[Stored data entries]

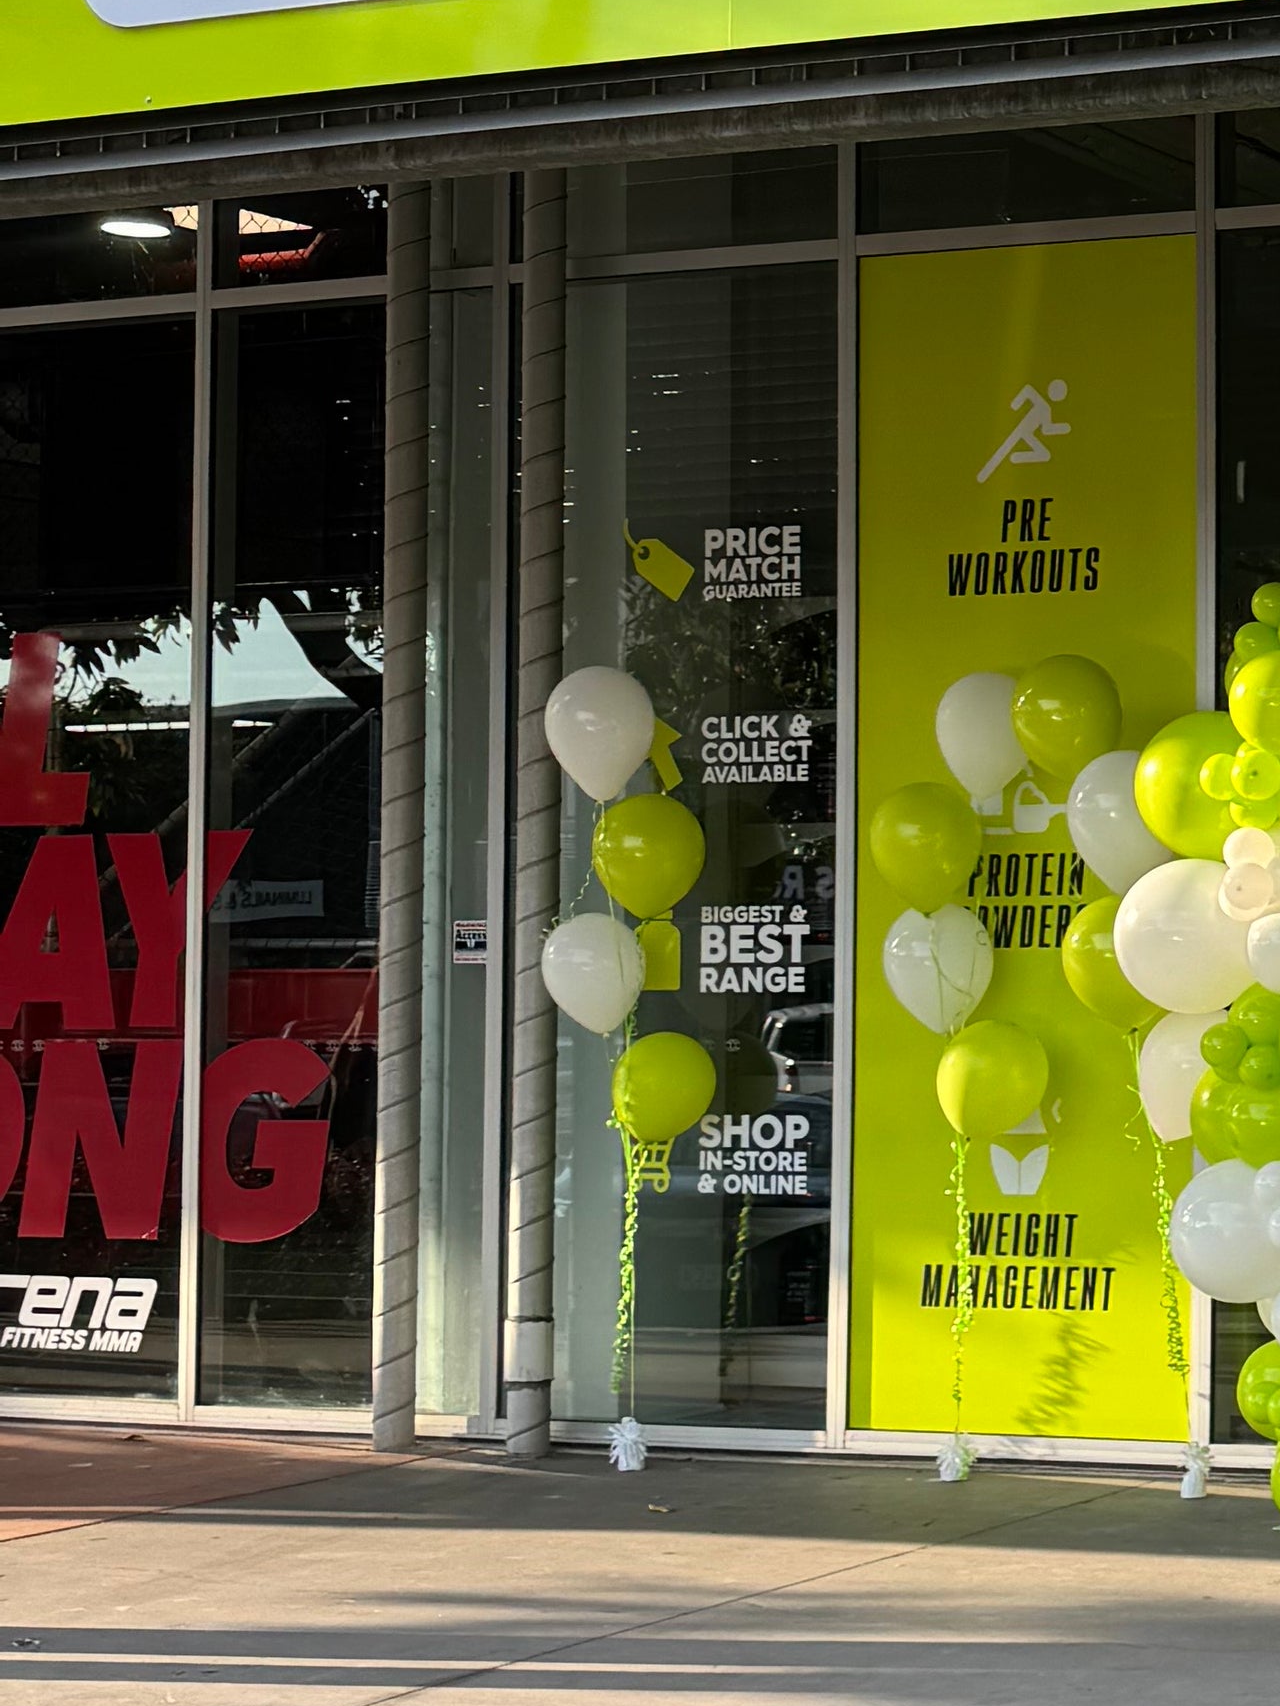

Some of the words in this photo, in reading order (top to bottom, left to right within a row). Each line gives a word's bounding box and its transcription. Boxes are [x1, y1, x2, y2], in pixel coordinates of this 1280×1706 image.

[1001, 497, 1054, 543] PRE
[704, 525, 802, 557] PRICE
[704, 555, 802, 583] MATCH
[947, 547, 1101, 597] WORKOUTS
[702, 582, 802, 600] GUARANTEE
[701, 714, 779, 739] CLICK
[788, 713, 812, 737] &
[701, 739, 813, 763] COLLECT
[701, 764, 810, 784] AVAILABLE
[967, 852, 1085, 898] PROTEIN
[700, 904, 784, 924] BIGGEST
[789, 904, 808, 923] &
[964, 903, 1088, 949] OWDER
[700, 924, 811, 964] BEST
[700, 966, 806, 993] RANGE
[699, 1113, 811, 1149] SHOP
[698, 1150, 807, 1172] IN-STORE
[697, 1173, 717, 1194] &
[723, 1173, 808, 1195] ONLINE
[967, 1212, 1079, 1258] WEIGHT
[0, 1326, 88, 1352] FITNESS
[89, 1328, 143, 1354] MMA
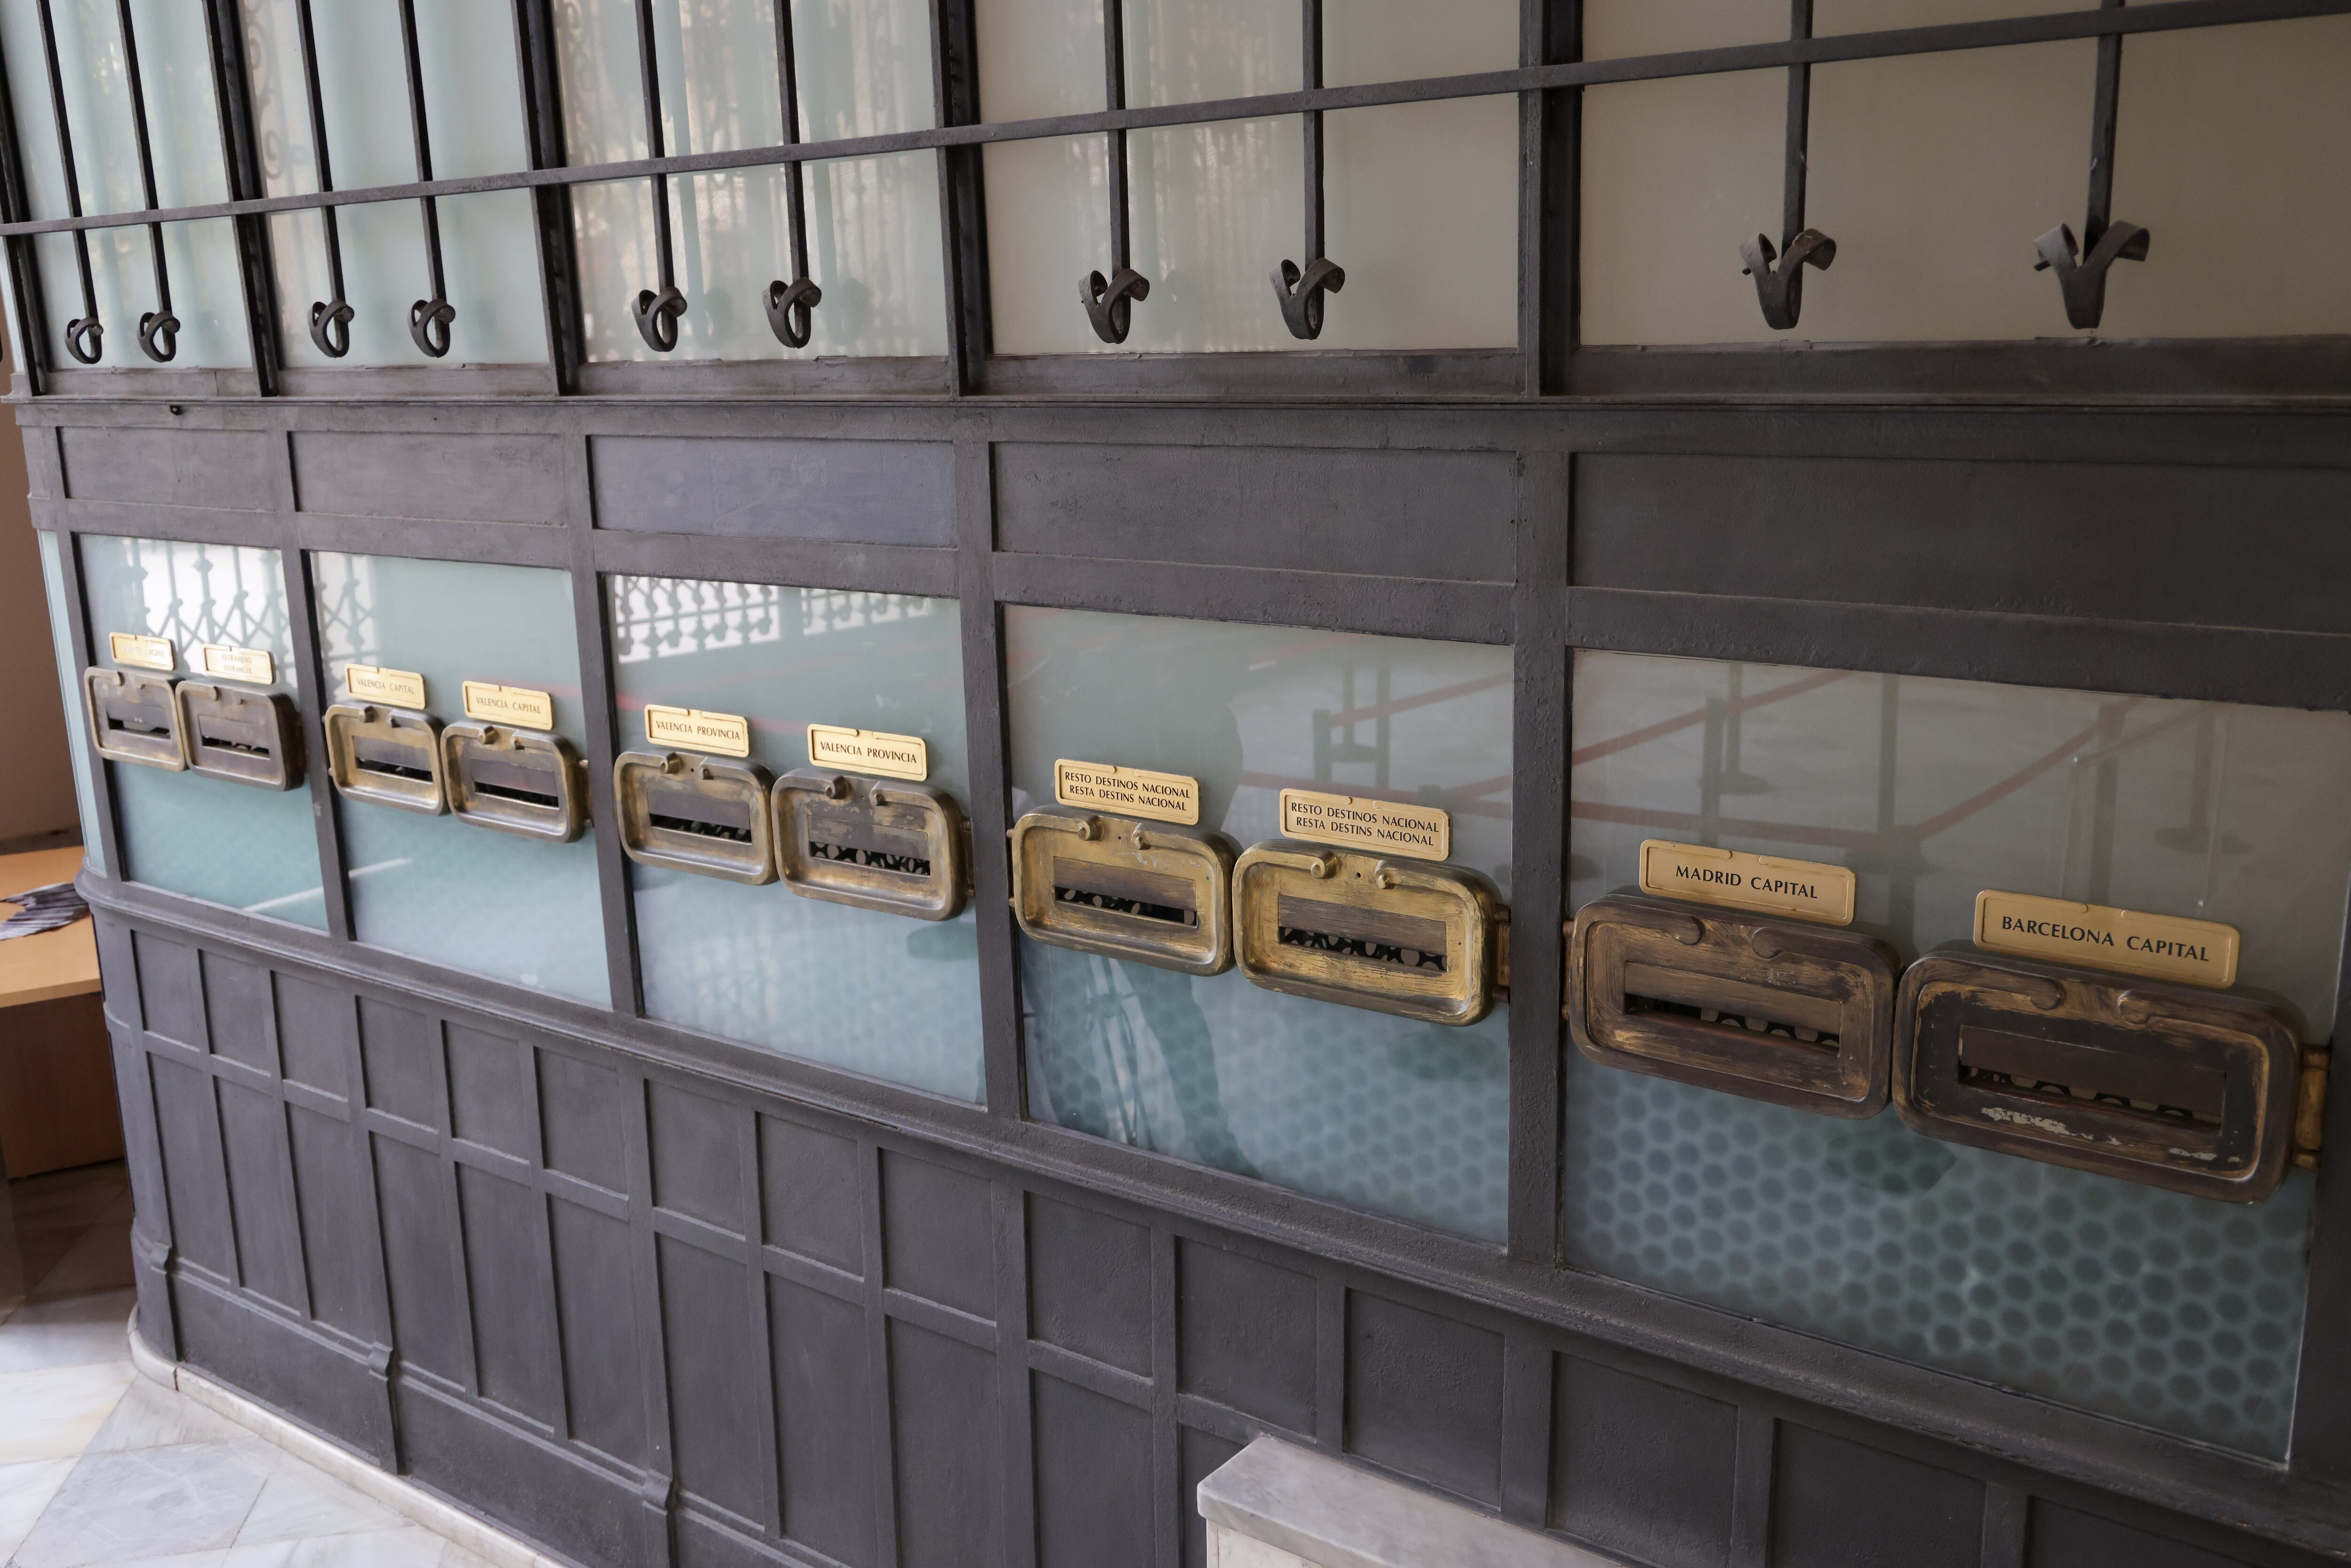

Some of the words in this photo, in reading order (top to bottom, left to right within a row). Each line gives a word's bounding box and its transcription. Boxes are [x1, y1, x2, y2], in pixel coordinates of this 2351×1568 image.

[224, 664, 252, 674] ESTRANGER
[357, 678, 386, 690] VALENCIA
[389, 683, 415, 695] CAPITAL
[476, 696, 508, 709] VALENCIA
[513, 701, 541, 714] CAPITAL
[656, 721, 693, 733] VALENCIA
[697, 726, 740, 740] PROVINCIA
[820, 741, 862, 756] VALENCIA
[867, 747, 917, 764] PROVINCIA
[1065, 771, 1091, 784] RESTO
[1096, 776, 1138, 790] DESTINOS
[1142, 782, 1191, 798] NACIONAL
[1070, 785, 1095, 797] RESTA
[1099, 789, 1134, 803] DESTINS
[1138, 795, 1186, 811] NACIONAL
[1291, 803, 1323, 816] RESTO
[1327, 807, 1377, 823] DESTINOS
[1382, 814, 1439, 833] NACIONAL
[1296, 817, 1325, 829] RESTA
[1330, 820, 1372, 836] DESTINS
[1377, 828, 1434, 846] NACIONAL
[1675, 865, 1742, 886] MADRID
[1750, 876, 1818, 899] CAPITAL
[2001, 915, 2114, 947] BARCELONA
[2126, 935, 2209, 961] CAPITAL

[Try it]
Write each entry again exactly, minus any images.

[Your solution]
Some of the words in this photo, in reading order (top to bottom, left to right within a row). Each line gives a word's bounding box and its transcription. Boxes are [x1, y1, x2, y2], in pixel coordinates of this 1280×1706 image.

[1001, 497, 1054, 543] PRE
[704, 525, 802, 557] PRICE
[704, 555, 802, 583] MATCH
[947, 547, 1101, 597] WORKOUTS
[702, 582, 802, 600] GUARANTEE
[701, 714, 779, 739] CLICK
[788, 713, 812, 737] &
[701, 739, 813, 763] COLLECT
[701, 764, 810, 784] AVAILABLE
[967, 852, 1085, 898] PROTEIN
[700, 904, 784, 924] BIGGEST
[789, 904, 808, 923] &
[964, 903, 1088, 949] OWDER
[700, 924, 811, 964] BEST
[700, 966, 806, 993] RANGE
[699, 1113, 811, 1149] SHOP
[698, 1150, 807, 1172] IN-STORE
[697, 1173, 717, 1194] &
[723, 1173, 808, 1195] ONLINE
[967, 1212, 1079, 1258] WEIGHT
[0, 1326, 88, 1352] FITNESS
[89, 1328, 143, 1354] MMA

Some of the words in this photo, in reading order (top to bottom, left to right within a row). Each line gives a word's bounding box and its transcription. Boxes are [x1, y1, x2, y2], in pixel coordinates of this 2351×1568 image.

[224, 664, 252, 674] ESTRANGER
[357, 678, 386, 690] VALENCIA
[389, 683, 415, 695] CAPITAL
[476, 696, 508, 709] VALENCIA
[513, 701, 541, 714] CAPITAL
[656, 721, 693, 733] VALENCIA
[697, 726, 740, 740] PROVINCIA
[820, 741, 862, 756] VALENCIA
[867, 747, 917, 764] PROVINCIA
[1065, 771, 1091, 784] RESTO
[1096, 776, 1138, 790] DESTINOS
[1142, 782, 1191, 798] NACIONAL
[1070, 785, 1095, 797] RESTA
[1099, 789, 1134, 803] DESTINS
[1138, 795, 1186, 811] NACIONAL
[1291, 803, 1323, 816] RESTO
[1327, 807, 1377, 823] DESTINOS
[1382, 814, 1439, 833] NACIONAL
[1296, 817, 1325, 829] RESTA
[1330, 820, 1372, 836] DESTINS
[1377, 828, 1434, 846] NACIONAL
[1675, 865, 1742, 886] MADRID
[1750, 876, 1818, 899] CAPITAL
[2001, 915, 2114, 947] BARCELONA
[2126, 935, 2209, 961] CAPITAL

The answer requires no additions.